Lonely Planet had a few suggestions for big night out in this street-food-dominated city, but none of them was close enough to my hotel or looked interesting enough to take the trouble. Tripadvisor, another restaurant search I use along with Michelin and Zasgat, put this one at the top of the list. Now I know Tripadvisor’s list is contaminated with a bunch of teenage alcoholic knownothings, but I use it as a general guide like I use Robert Parker’s ratings to get me into the ballpark with wine.

It’s in a hotel, and the six or seven idle employees in the lobby rush to escort the idiot tourist downstairs to the restaurant. We confront a burgundy and black colour scheme, with old brick walls. There are several staff, all in their 20s, and the overall impression is a bit plastic but a kind of comforting change from sitting on baby blue stools in a concrete hole-in-the-wall. It’s empty except for three Australia/US/UK twentysomething males in T-shirts and shorts, 6 PM.

A pretty girl approaches and makes pleasant sounds like welcome, hope you have a nice evening, and so on. 60% of what she says is lost in the combination of her pronunciation and my hearing. I opt for belle indifference.

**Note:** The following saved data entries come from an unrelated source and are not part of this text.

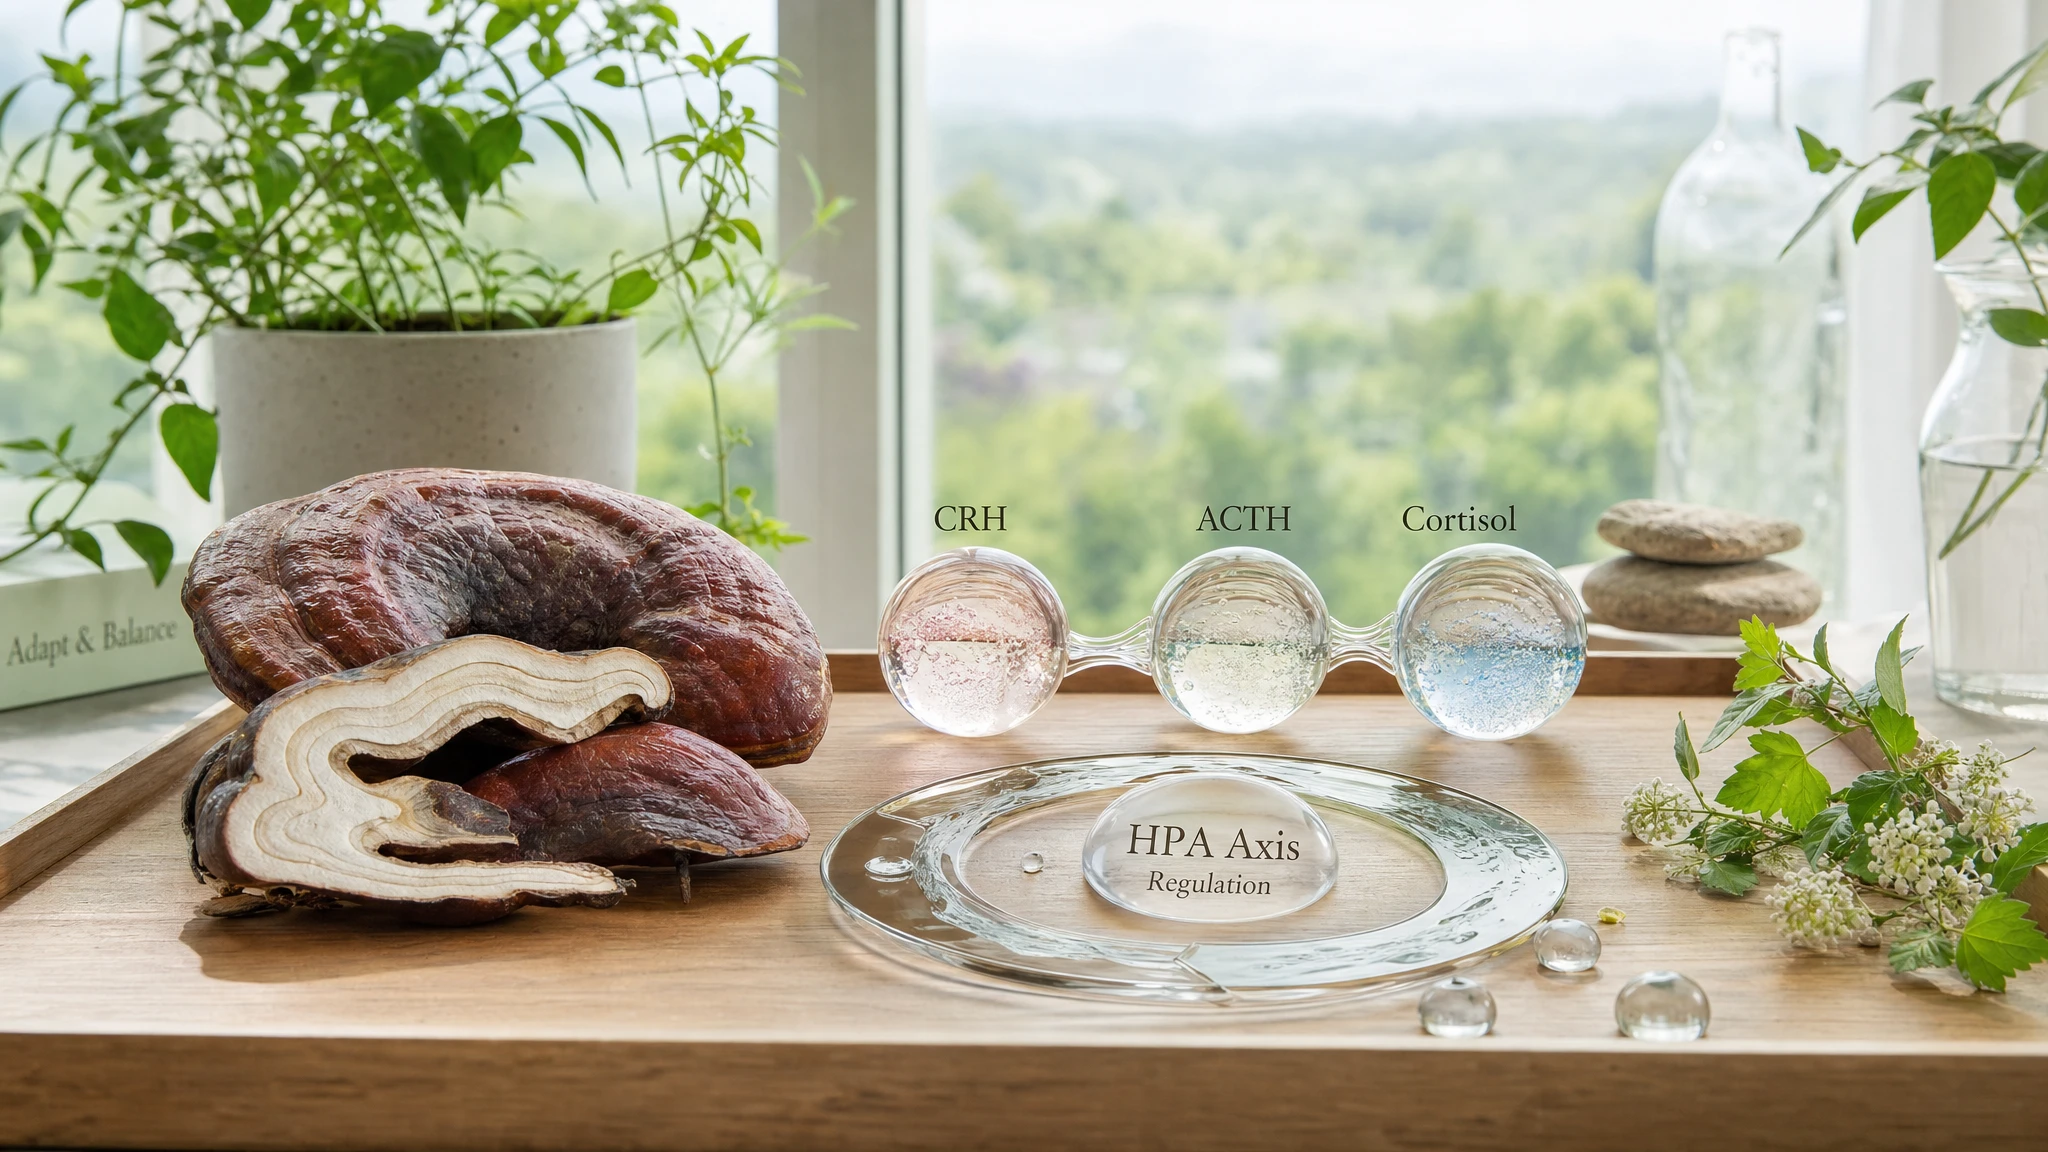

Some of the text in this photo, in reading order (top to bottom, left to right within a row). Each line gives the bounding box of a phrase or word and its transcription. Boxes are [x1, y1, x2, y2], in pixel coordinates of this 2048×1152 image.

[7, 616, 178, 668] Adapt & Balance
[1126, 823, 1301, 861] HPA Axis
[1146, 870, 1272, 899] Regulation
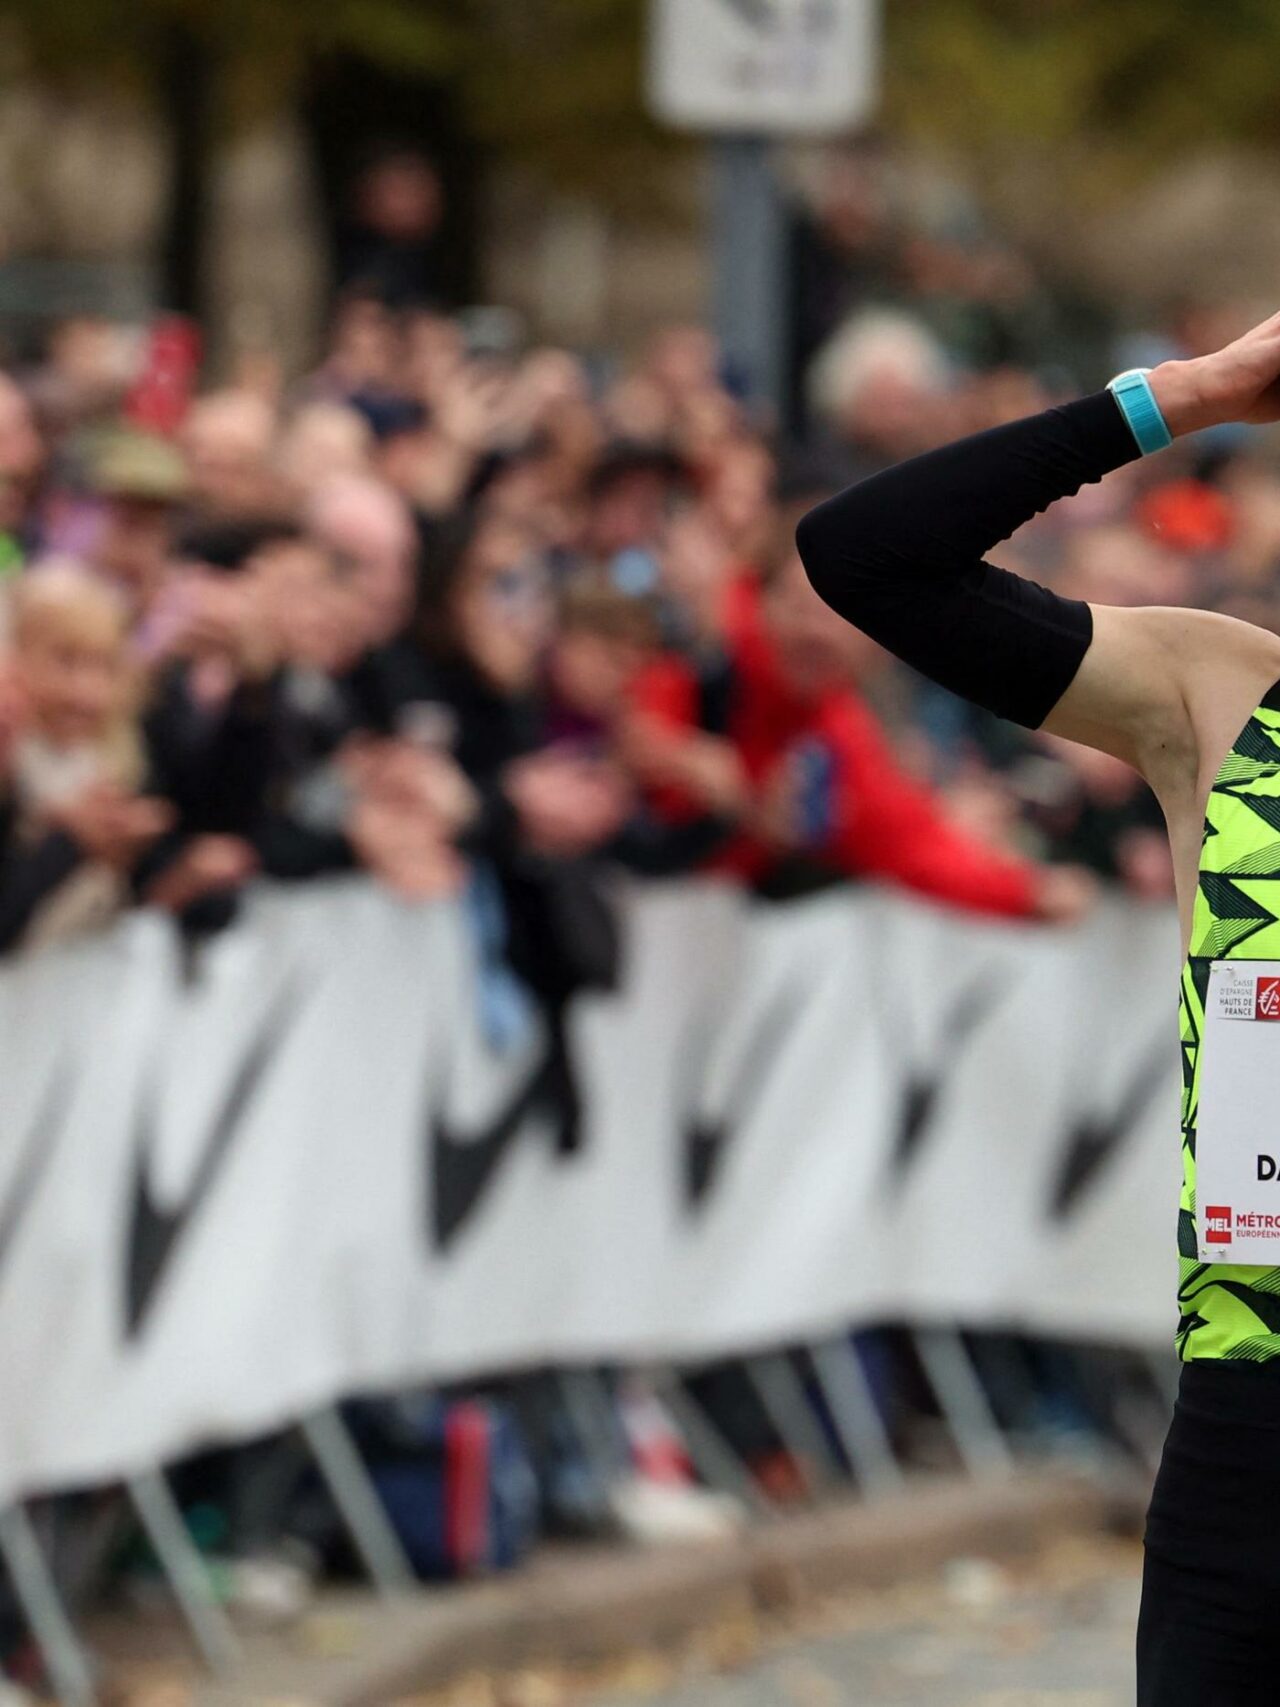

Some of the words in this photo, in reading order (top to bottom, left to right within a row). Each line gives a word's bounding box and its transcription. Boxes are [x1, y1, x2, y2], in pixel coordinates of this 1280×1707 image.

[1219, 997, 1241, 1006] HAUTS
[1243, 998, 1252, 1006] DE
[1225, 1007, 1252, 1016] FRANCE
[1206, 1217, 1231, 1232] MEL
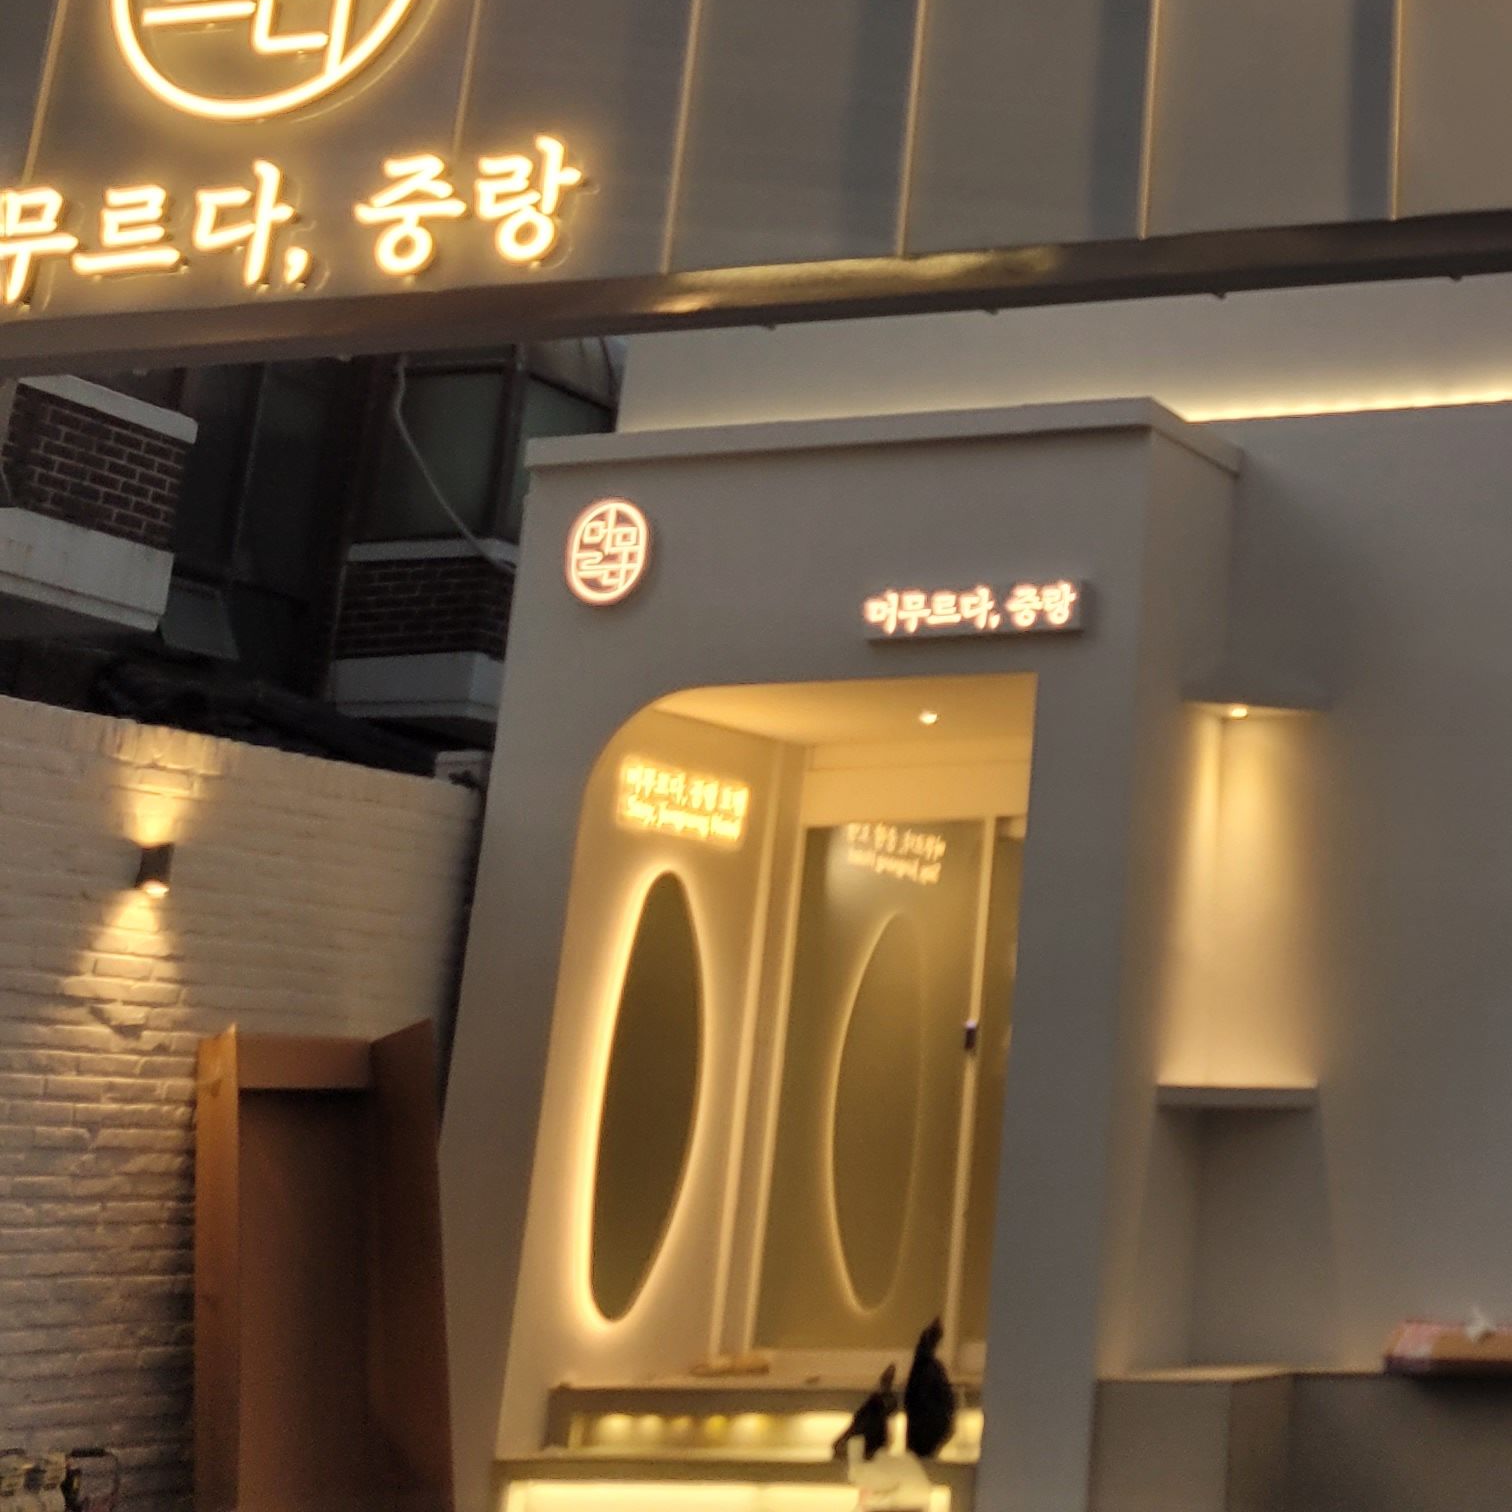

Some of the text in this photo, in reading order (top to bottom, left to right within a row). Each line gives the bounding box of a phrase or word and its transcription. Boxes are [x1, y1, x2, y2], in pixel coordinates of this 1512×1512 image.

The wine list is abbreviated, emphasizing South American products. I went with an Argentinian malbec. There were three or four tasting menus at about $70 which looked interesting but none of them was completely what I wanted. So I ordered à la carte chicken soup with corn, and then orange duck. The two duck dishes were that and duck with tamarind but my enigmatic server preferred the orange number and it has some historic significance for me so I went for it.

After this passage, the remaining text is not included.